WHAT IS NEEDED: Write out all the records exactly, and keep any images out.

==== WORKING DATA

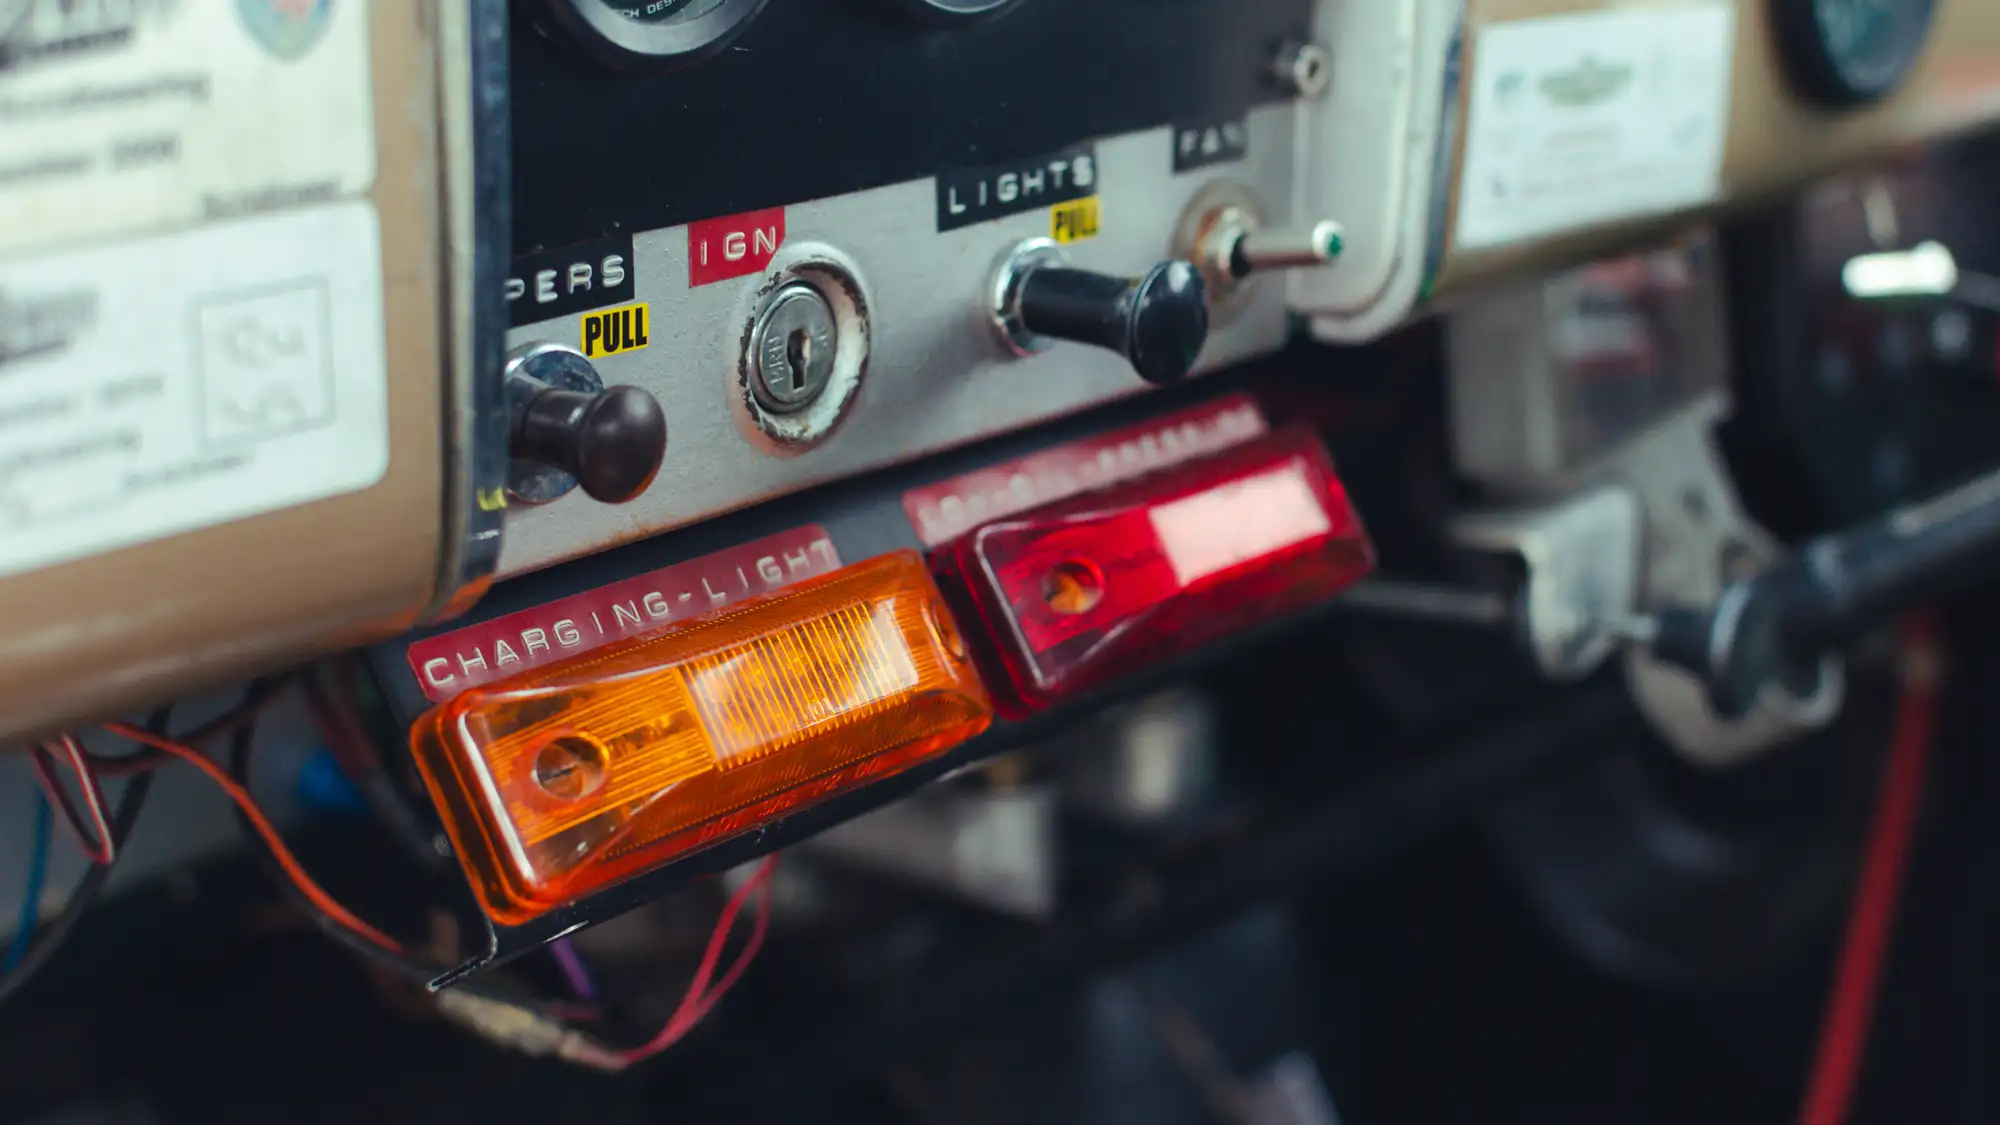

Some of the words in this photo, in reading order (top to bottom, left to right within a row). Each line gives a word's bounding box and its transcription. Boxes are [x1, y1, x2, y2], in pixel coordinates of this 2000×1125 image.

[646, 0, 676, 14] DES
[948, 156, 1093, 214] LIGHTS
[701, 226, 776, 266] IGN
[1054, 206, 1097, 241] PULL
[585, 307, 647, 357] PULL
[424, 539, 832, 688] CHARGING-LIGHT
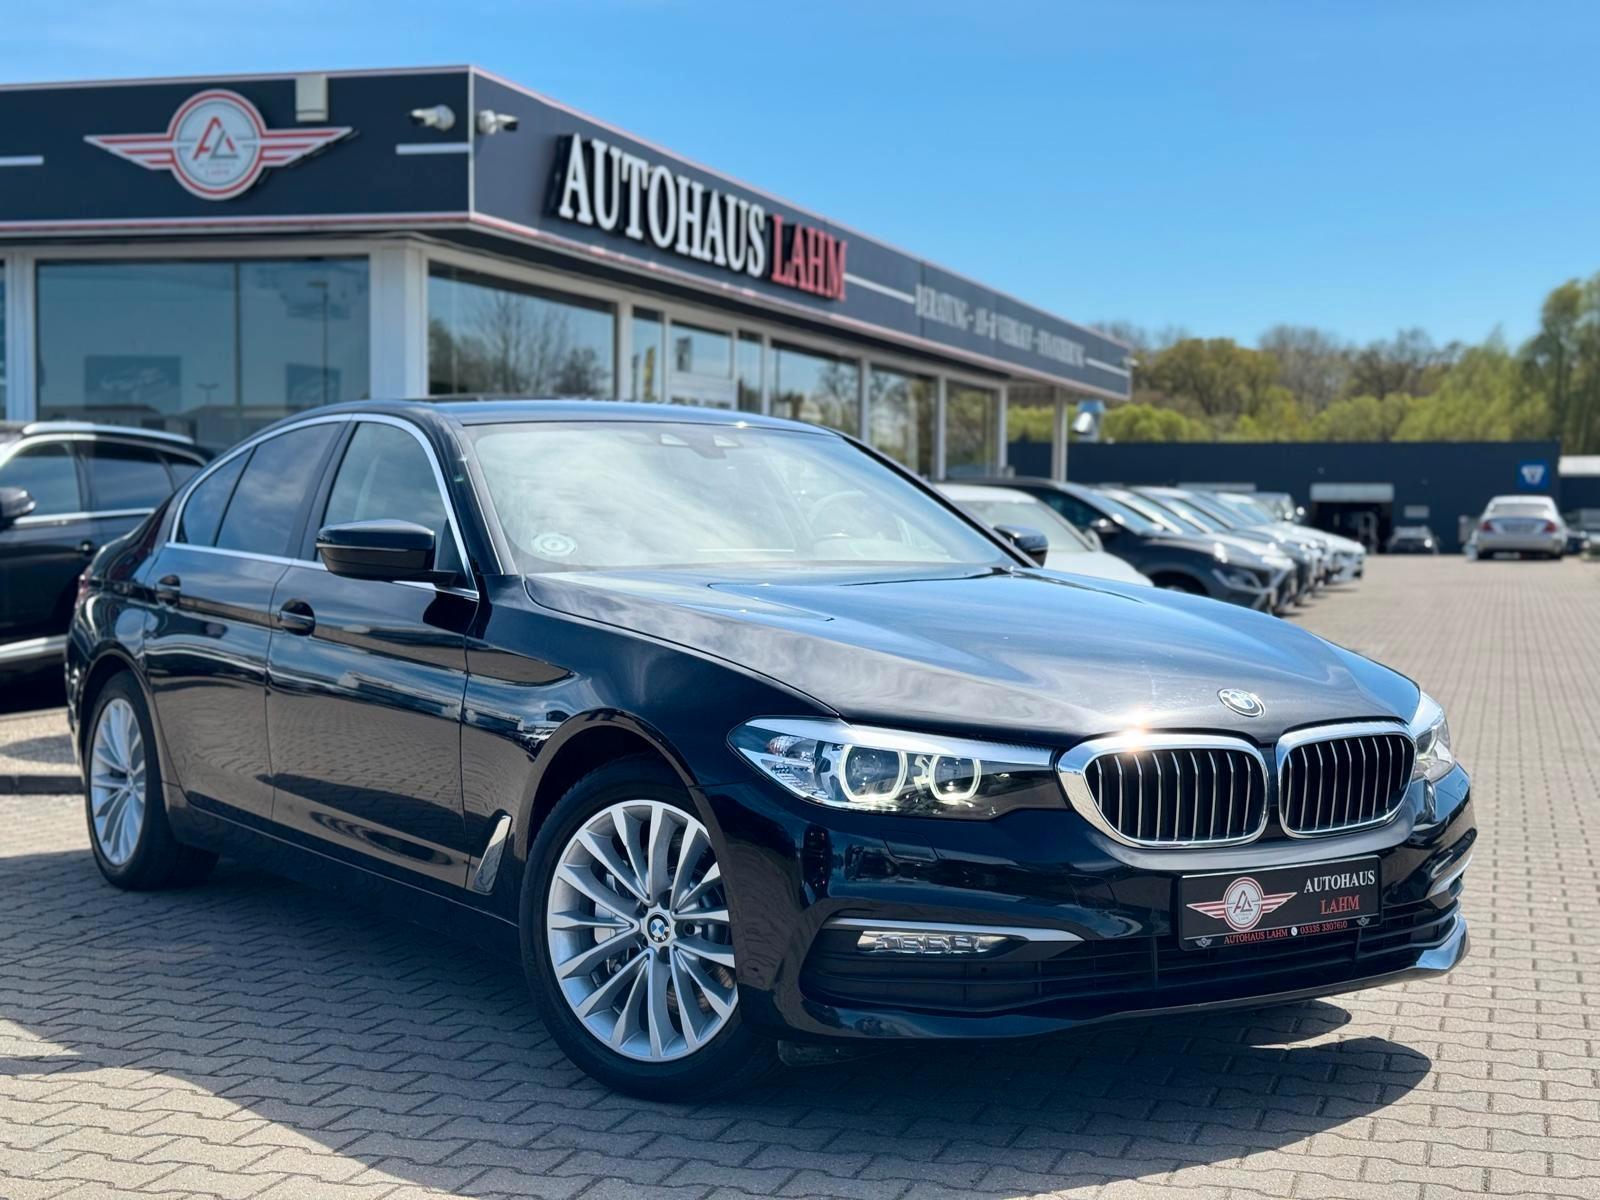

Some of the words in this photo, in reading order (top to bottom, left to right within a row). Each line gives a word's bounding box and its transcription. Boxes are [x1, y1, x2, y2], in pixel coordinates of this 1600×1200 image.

[558, 133, 765, 277] AUTOHAUS
[771, 214, 848, 303] LAHM
[1303, 870, 1376, 894] AUTOHAUS
[1320, 895, 1360, 914] LAHM
[1223, 932, 1265, 944] AUTOHAUS
[1266, 927, 1288, 939] LAHM
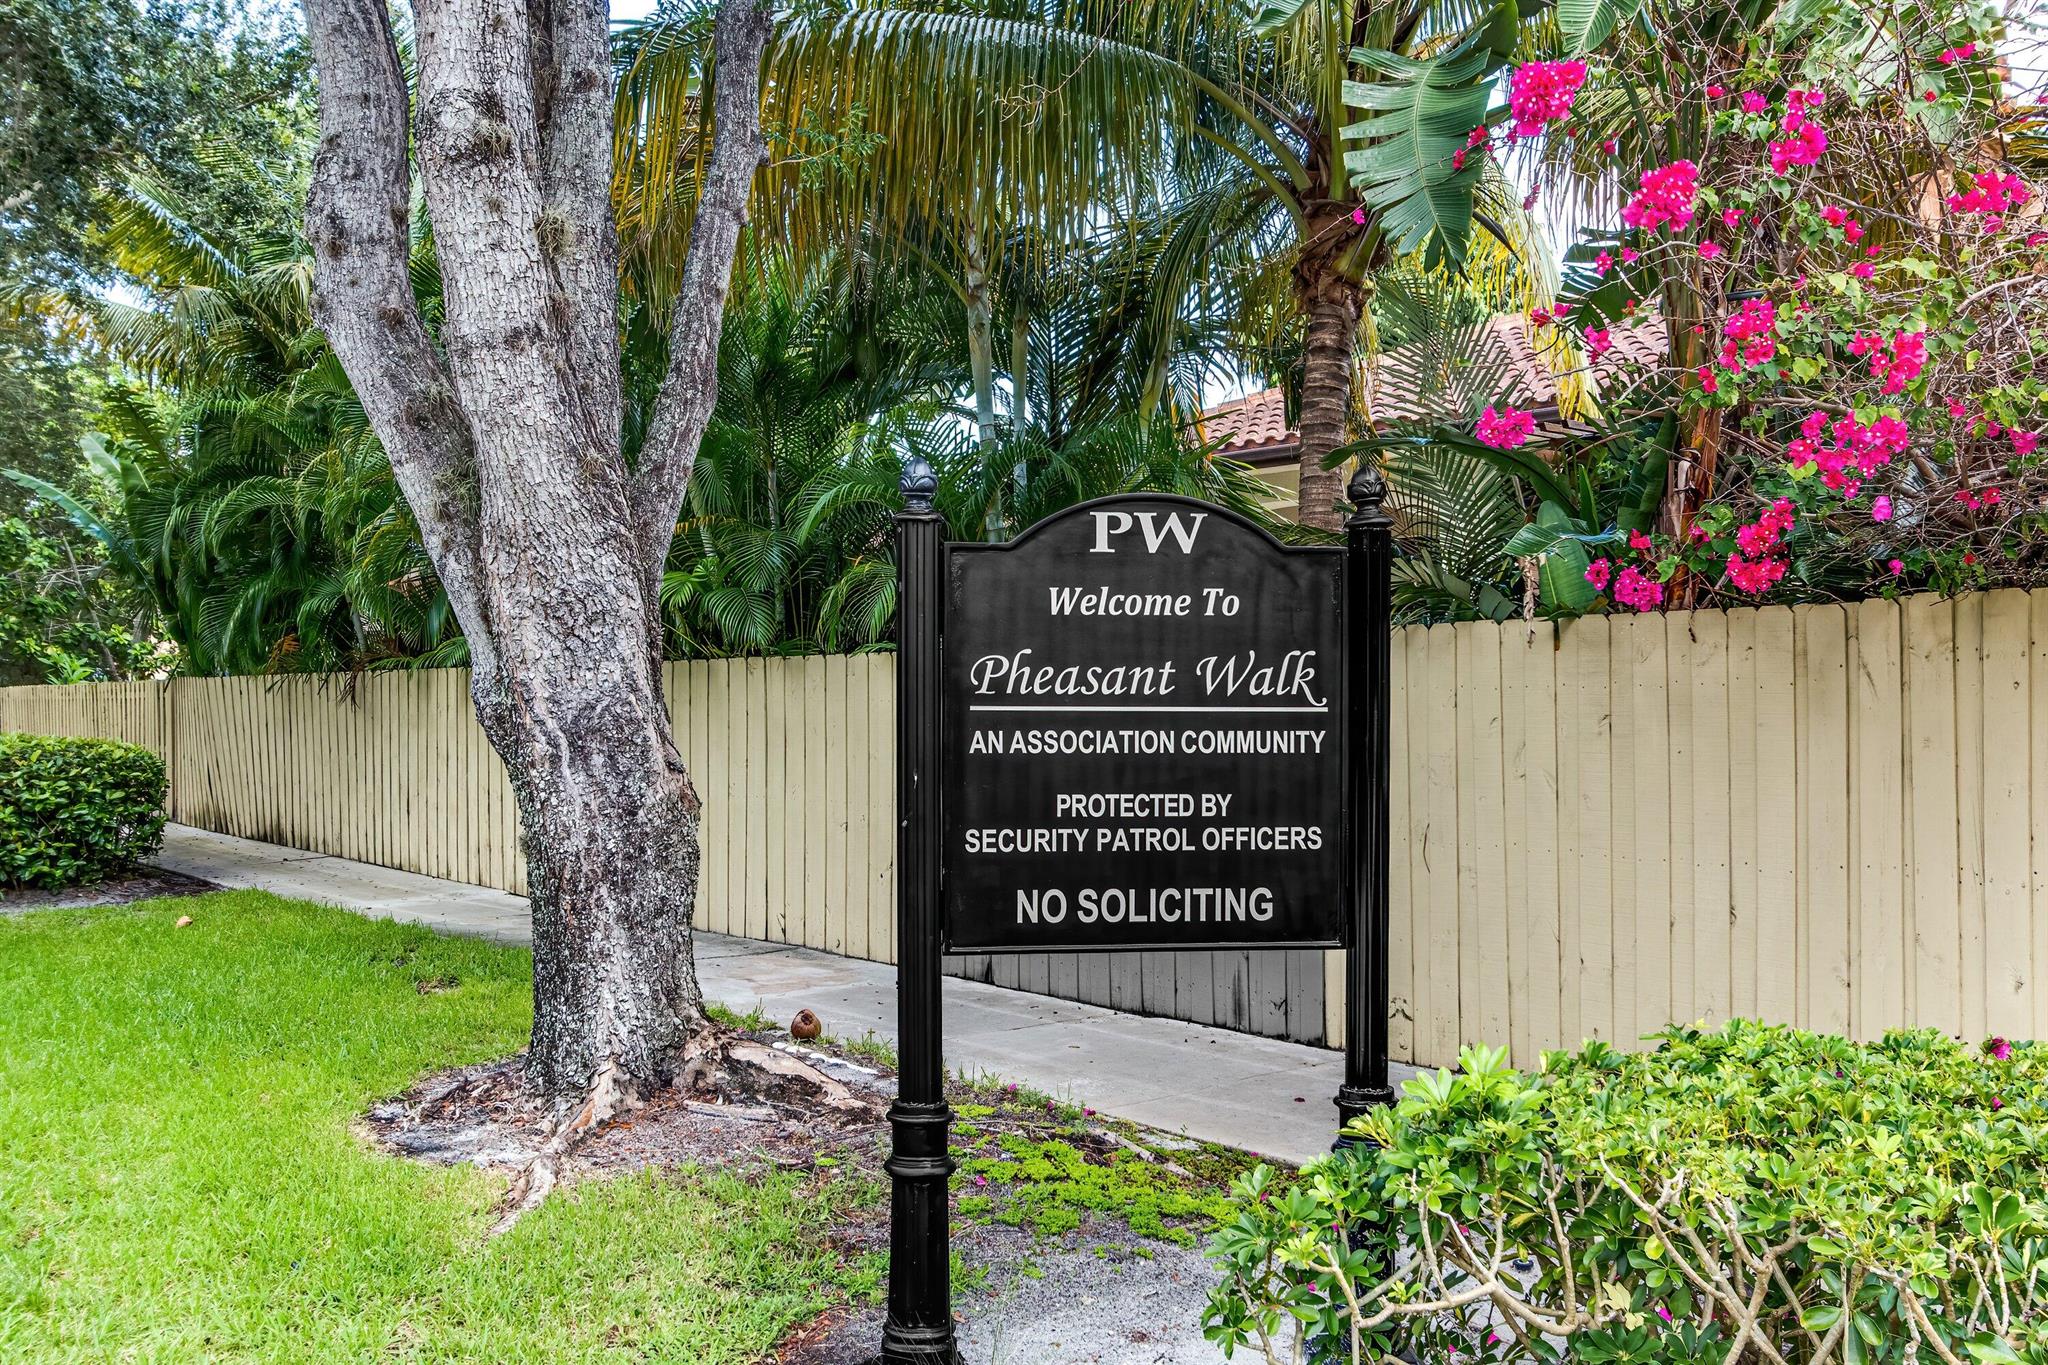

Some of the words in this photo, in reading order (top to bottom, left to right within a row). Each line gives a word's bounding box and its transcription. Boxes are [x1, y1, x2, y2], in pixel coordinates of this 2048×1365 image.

[1090, 512, 1208, 554] PW
[1049, 586, 1191, 616] Welcome
[1203, 588, 1239, 616] To
[971, 649, 1176, 695] Pheasant
[1196, 650, 1327, 706] Walk
[969, 731, 1003, 753] AN
[1009, 730, 1174, 754] ASSOCIATION
[1181, 730, 1326, 754] COMMUNITY
[1057, 794, 1194, 817] PROTECTED
[1202, 794, 1232, 816] BY
[965, 829, 1089, 852] SECURITY
[1097, 828, 1195, 851] PATROL
[1203, 827, 1322, 850] OFFICERS
[1017, 889, 1067, 923] NO
[1078, 888, 1273, 923] SOLICITING
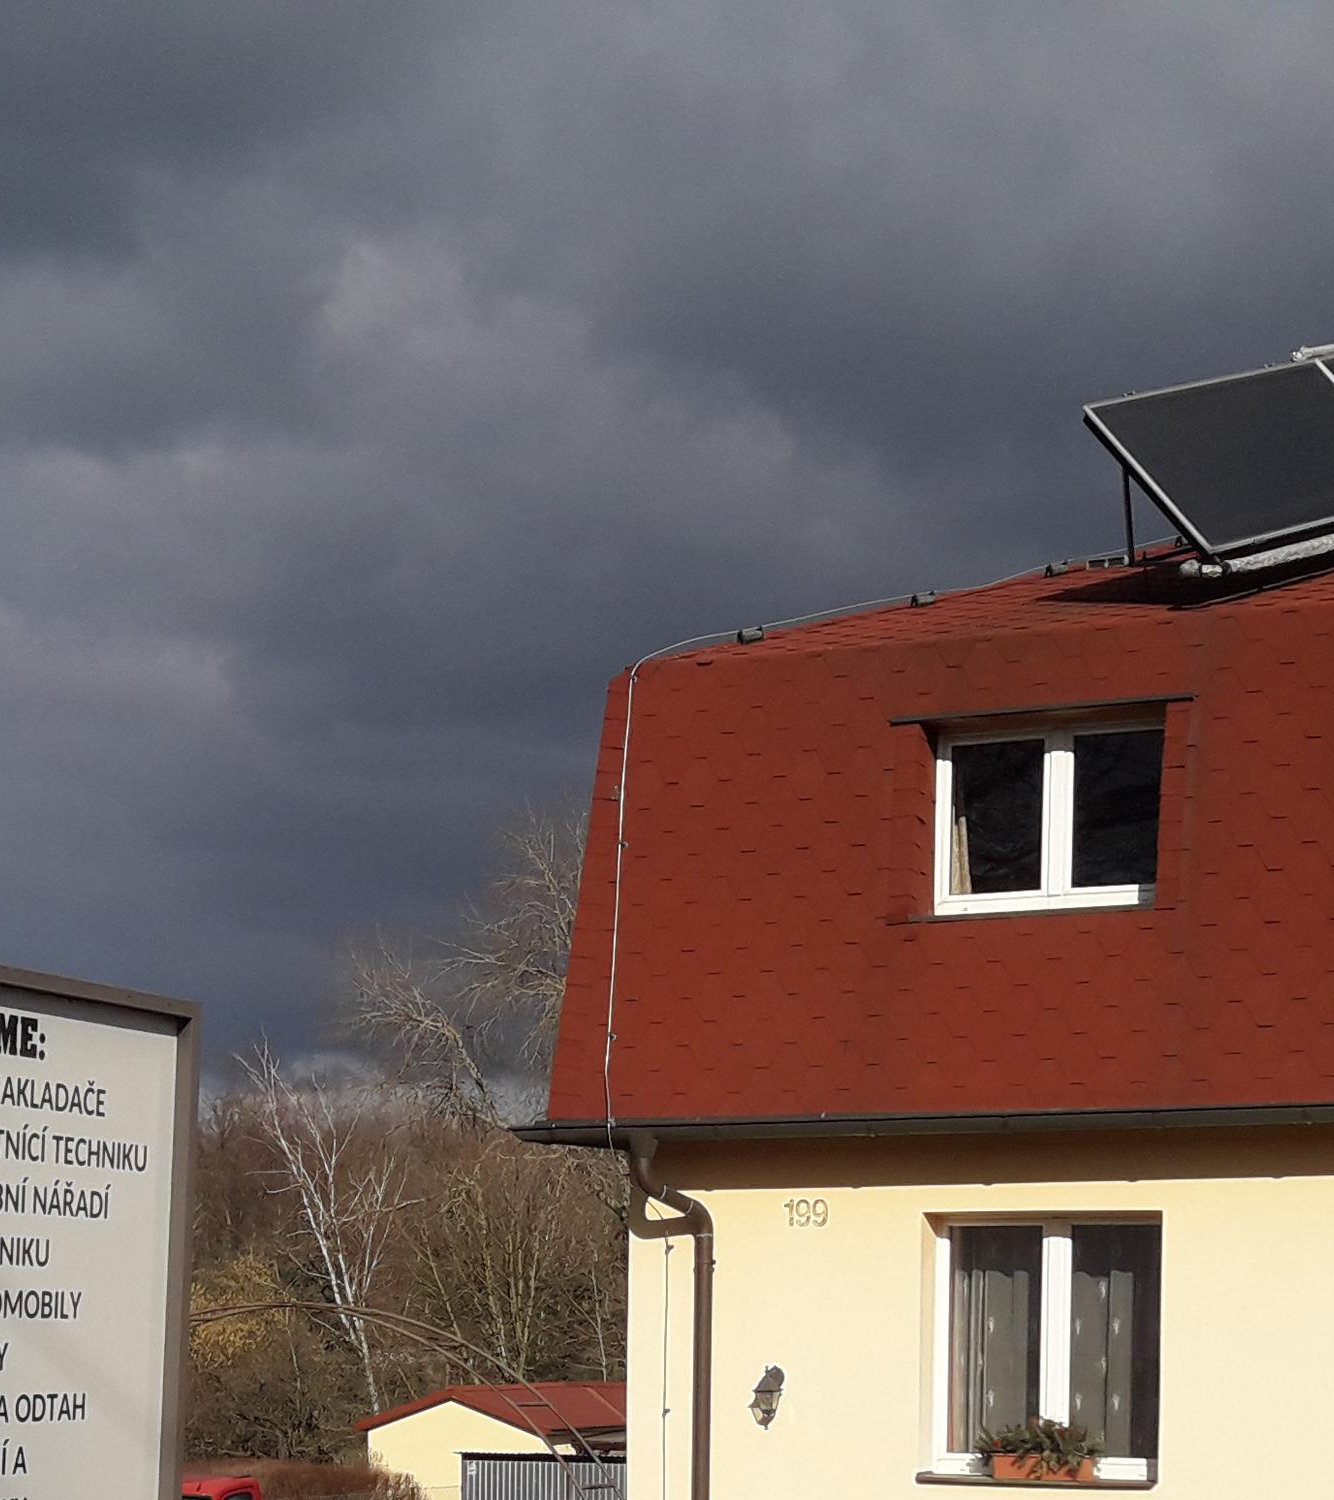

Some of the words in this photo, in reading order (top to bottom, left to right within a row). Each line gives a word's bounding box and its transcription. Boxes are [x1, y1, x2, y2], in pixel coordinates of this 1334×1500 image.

[52, 1135, 148, 1173] TECHNIKU
[32, 1178, 112, 1220] NÁŘADÍ
[783, 1198, 829, 1227] 199
[15, 1393, 87, 1423] ODTAH
[12, 1446, 28, 1475] A

========

EXERCISE ANSWER:
Some of the words in this photo, in reading order (top to bottom, left to right within a row). Each line gives a word's bounding box and its transcription. Boxes are [x1, y1, x2, y2], in pixel coordinates of this 2000×1125 image.

[646, 0, 676, 14] DES
[948, 156, 1093, 214] LIGHTS
[701, 226, 776, 266] IGN
[1054, 206, 1097, 241] PULL
[585, 307, 647, 357] PULL
[424, 539, 832, 688] CHARGING-LIGHT

Some of the words in this photo, in reading order (top to bottom, left to right within a row). Each line gives a word's bounding box and its transcription. Boxes are [x1, y1, x2, y2], in pixel coordinates of this 1600×1200 image.

[558, 133, 765, 277] AUTOHAUS
[771, 214, 848, 303] LAHM
[1303, 870, 1376, 894] AUTOHAUS
[1320, 895, 1360, 914] LAHM
[1223, 932, 1265, 944] AUTOHAUS
[1266, 927, 1288, 939] LAHM

Some of the words in this photo, in reading order (top to bottom, left to right within a row). Each line gives a word's bounding box and its transcription. Boxes are [x1, y1, x2, y2], in pixel coordinates of this 2048×1365 image.

[1090, 512, 1208, 554] PW
[1049, 586, 1191, 616] Welcome
[1203, 588, 1239, 616] To
[971, 649, 1176, 695] Pheasant
[1196, 650, 1327, 706] Walk
[969, 731, 1003, 753] AN
[1009, 730, 1174, 754] ASSOCIATION
[1181, 730, 1326, 754] COMMUNITY
[1057, 794, 1194, 817] PROTECTED
[1202, 794, 1232, 816] BY
[965, 829, 1089, 852] SECURITY
[1097, 828, 1195, 851] PATROL
[1203, 827, 1322, 850] OFFICERS
[1017, 889, 1067, 923] NO
[1078, 888, 1273, 923] SOLICITING

Some of the words in this photo, in reading order (top to bottom, left to right within a row). Each line gives a word's bounding box and its transcription. Boxes are [x1, y1, x2, y2], in pixel coordinates of this 1334×1500 image.

[52, 1135, 148, 1173] TECHNIKU
[32, 1178, 112, 1220] NÁŘADÍ
[783, 1198, 829, 1227] 199
[15, 1393, 87, 1423] ODTAH
[12, 1446, 28, 1475] A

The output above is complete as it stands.